If you want to build any other kinds of sequences, then the best way is **`generator expressions`**

In [6]:
## example_2_1.py
## build a list of Unicode codepoints from a string

symbols = "$#🎯🙂🎲🤗ॐ"
codes = []
for symbol in symbols:
    codes.append(ord(symbol))
    print(symbol)

codes

$
#
🎯
🙂
🎲
🤗
ॐ


[36, 35, 127919, 128578, 127922, 129303, 2384]

In [10]:
## example_2_2.py
## build a list of Unicode codepoints from a string using LIST-COMPREHENSION

symbols = "$#🎯🙂🎲🤗ॐ"
codes = [ord(symbol) for symbol in symbols]

print(symbols)
codes

$#🎯🙂🎲🤗ॐ


[36, 35, 127919, 128578, 127922, 129303, 2384]

#### Listcomps no  longer leak variables

In [12]:

x = "ABC"
dummy = [ord(x) for x in x]

print(x)                         ## <- the value of x is preserved
print(dummy)                     ## <- the list comprehension produces the expected list

ABC
[65, 66, 67]


### `list-comprehension` v/s `map()` & `filter()`

* List-comprehensions do everything the `map` and `filter` functions do.

In [15]:
## example_2_3.py
## the same list built by a list-comprehension & map/filter functions

symbols = "$#🎯🙂🎲🤗ॐ"

In [20]:
%%time

beyond_ascii_listcomp = [ord(s) for s in symbols if ord(s) > 127]

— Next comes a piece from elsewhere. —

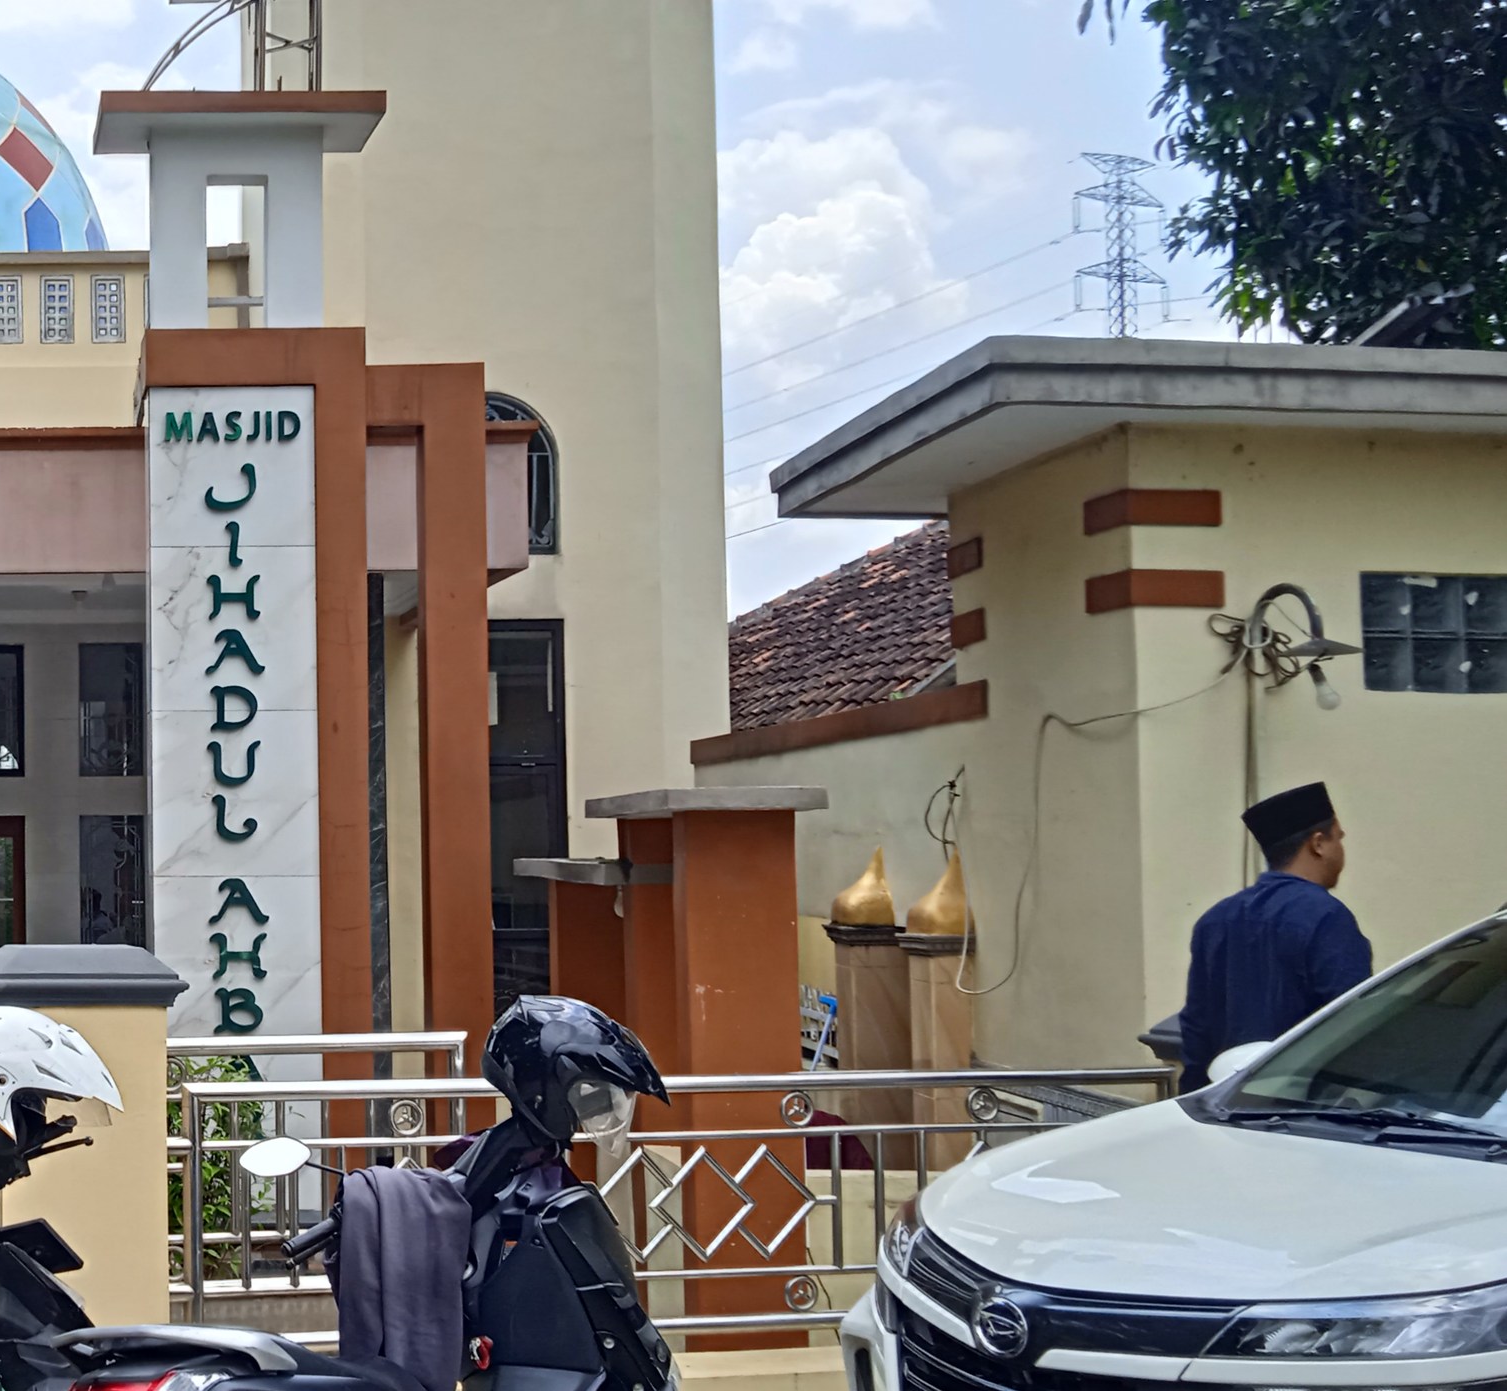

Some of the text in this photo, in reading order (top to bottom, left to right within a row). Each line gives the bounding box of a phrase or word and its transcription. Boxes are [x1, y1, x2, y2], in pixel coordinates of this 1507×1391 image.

[165, 410, 301, 442] MASJID
[204, 463, 270, 1138] JIHADUL AHB
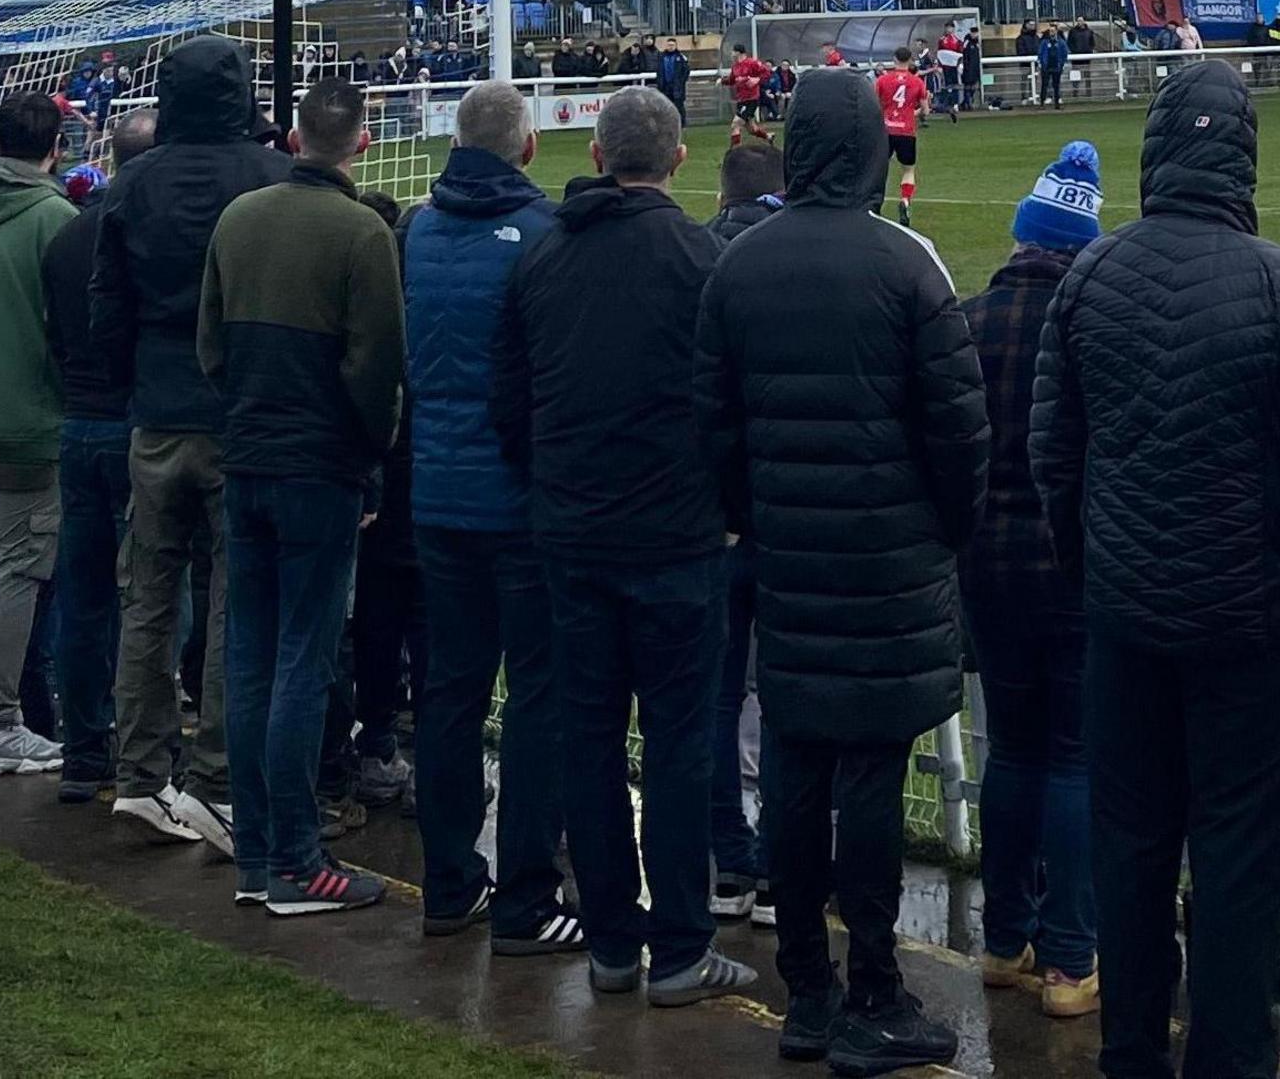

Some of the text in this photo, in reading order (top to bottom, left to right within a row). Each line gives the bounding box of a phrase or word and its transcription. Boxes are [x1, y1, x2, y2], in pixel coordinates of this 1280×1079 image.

print(beyond_ascii_listcomp)

[127919, 128578, 127922, 129303, 2384]
CPU times: user 316 µs, sys: 209 µs, total: 525 µs
Wall time: 401 µs


In [21]:
%%time

beyond_ascii_map_filter = list(filter(lambda c: c>127, map(ord, symbols)))

print(beyond_ascii_map_filter)

[127919, 128578, 127922, 129303, 2384]
CPU times: user 179 µs, sys: 74 µs, total: 253 µs
Wall time: 232 µs


### Cartesian Products

List-comprehension (aka `listcomp`) can generate cartesian product of two or more iterables.

The items that make up the cartesian product are tuples made from items from every input iterable.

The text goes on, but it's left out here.